Aku menelan ludah untuk kesekian kali.

"Akhirnya aku kembali, saat kurasa ada yang bisa kubanggakan. Agar orang tak lagi meremehkanku. Tapi semua itu tak mengubah fakta kalau aku membencimu, Gio. Benci sekali," ucapnya. Menyeringai. Wajah penuh amarah tepat berada di hadapanku.

Aku menggeleng lagi, tak percaya. Tak mungkin semua ini benar adanya. Ini ilusi, kan?

Kumohon katakan kau sedang berbohong, Mas. Bergurau seperti hari-hari lalu. Katakanlah!

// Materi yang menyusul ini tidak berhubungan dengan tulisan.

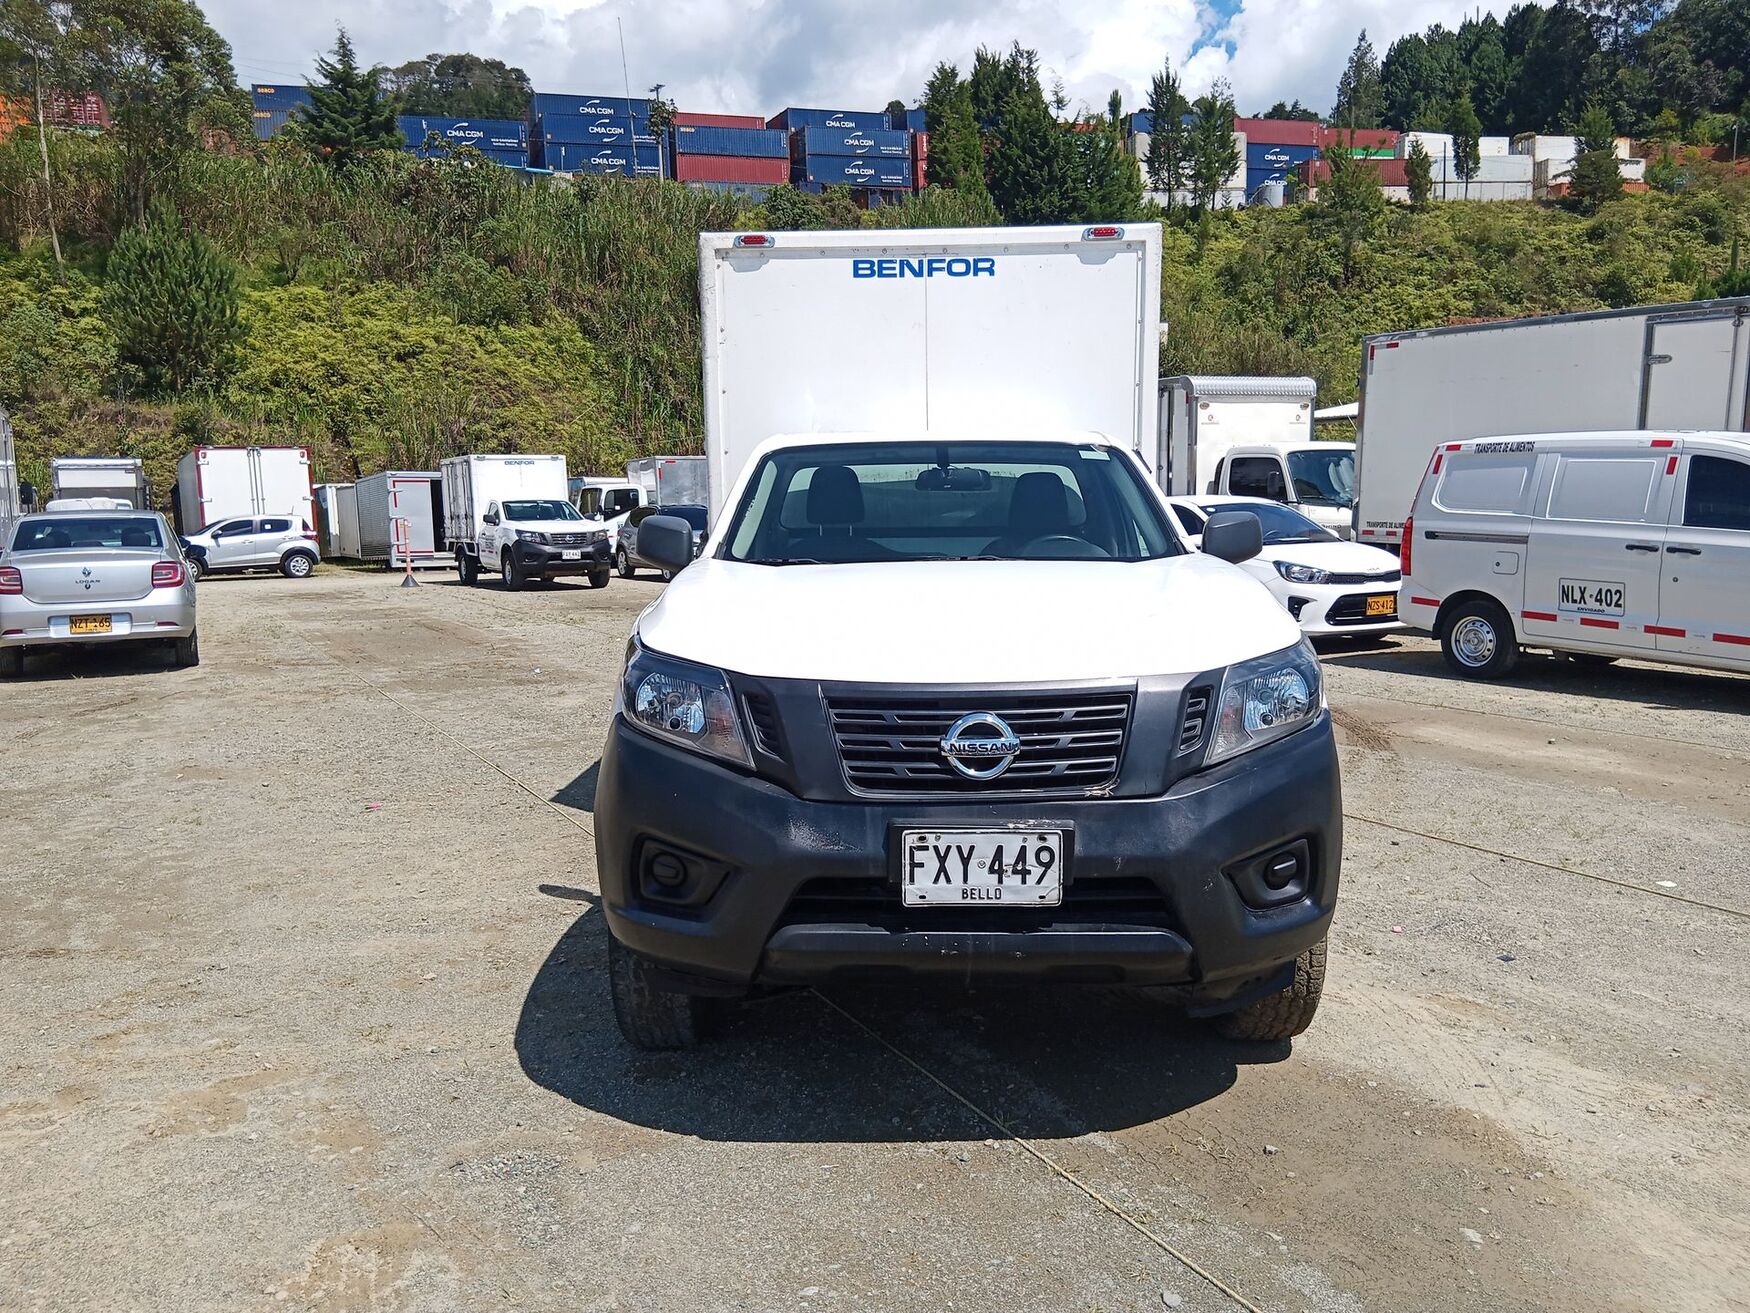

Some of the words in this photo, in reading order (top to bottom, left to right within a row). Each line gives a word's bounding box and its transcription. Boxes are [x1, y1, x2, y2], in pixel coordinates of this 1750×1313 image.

Dadaku sakit bagai diiris sembilu. Kian perih dengan kucuran kebencian dari kedua bola matanya.

*****

Sebelas tahun yang lalu.

Saat itu umurku lima belas tahun. Aku menerima surat yang memberitahukan jika aku diterima di sekolah menengah negeri favorit sekaligus undangan untuk para wali murid. Aku sangat senang, sampai menciumi surat itu. Menghirup aroma khas kertas. Tidak sia-sia aku belajar giat. Aku ingin membanggakan Ibu.

Malamnya, aku berencana menyerahkan surat itu pada Ibu. Aku berharap Ibu akan ikut gembira melihatnya. Menepuk pundakku lalu berkata, "Kau sudah berusaha keras, Nak". Itu saja sudah membuatku melayang hingga ke awang-awang.

Aku berjalan keluar. Mendapati Ibu sedang membaca buku di teras rumah. Duduk takzim di kursi goyang kesayangannya—peninggalan mendiang Eyang Kakung.

Aku mendekat. "I-ibu ...," panggilku lirih. Berdiri mematung di sampingnya.

Ibu mengangkat wajah datar. Menoleh sekilas. Lantas kembali tenggelam dalam buku yang sedang dibacanya.

"Apa maumu?" tanyanya dingin tanpa melihatku.

Aku tidak menjawab. Gemetar, mengulurkan kedua tanganku. Menyerahkan sepucuk surat dari sekolah. Ibu melirik surat itu lama, lantas melihatku sebentar. Mendengus pelan. Menarik kasar surat itu dari tanganku. Aku tidak tersinggung. Sudah terbiasa dengan sikap tak acuh Ibu. Beliau sering menganggapku tidak ada. Kami juga jarang berbincang. Kalau ada keperluan saja aku berani mengajaknya berbicara.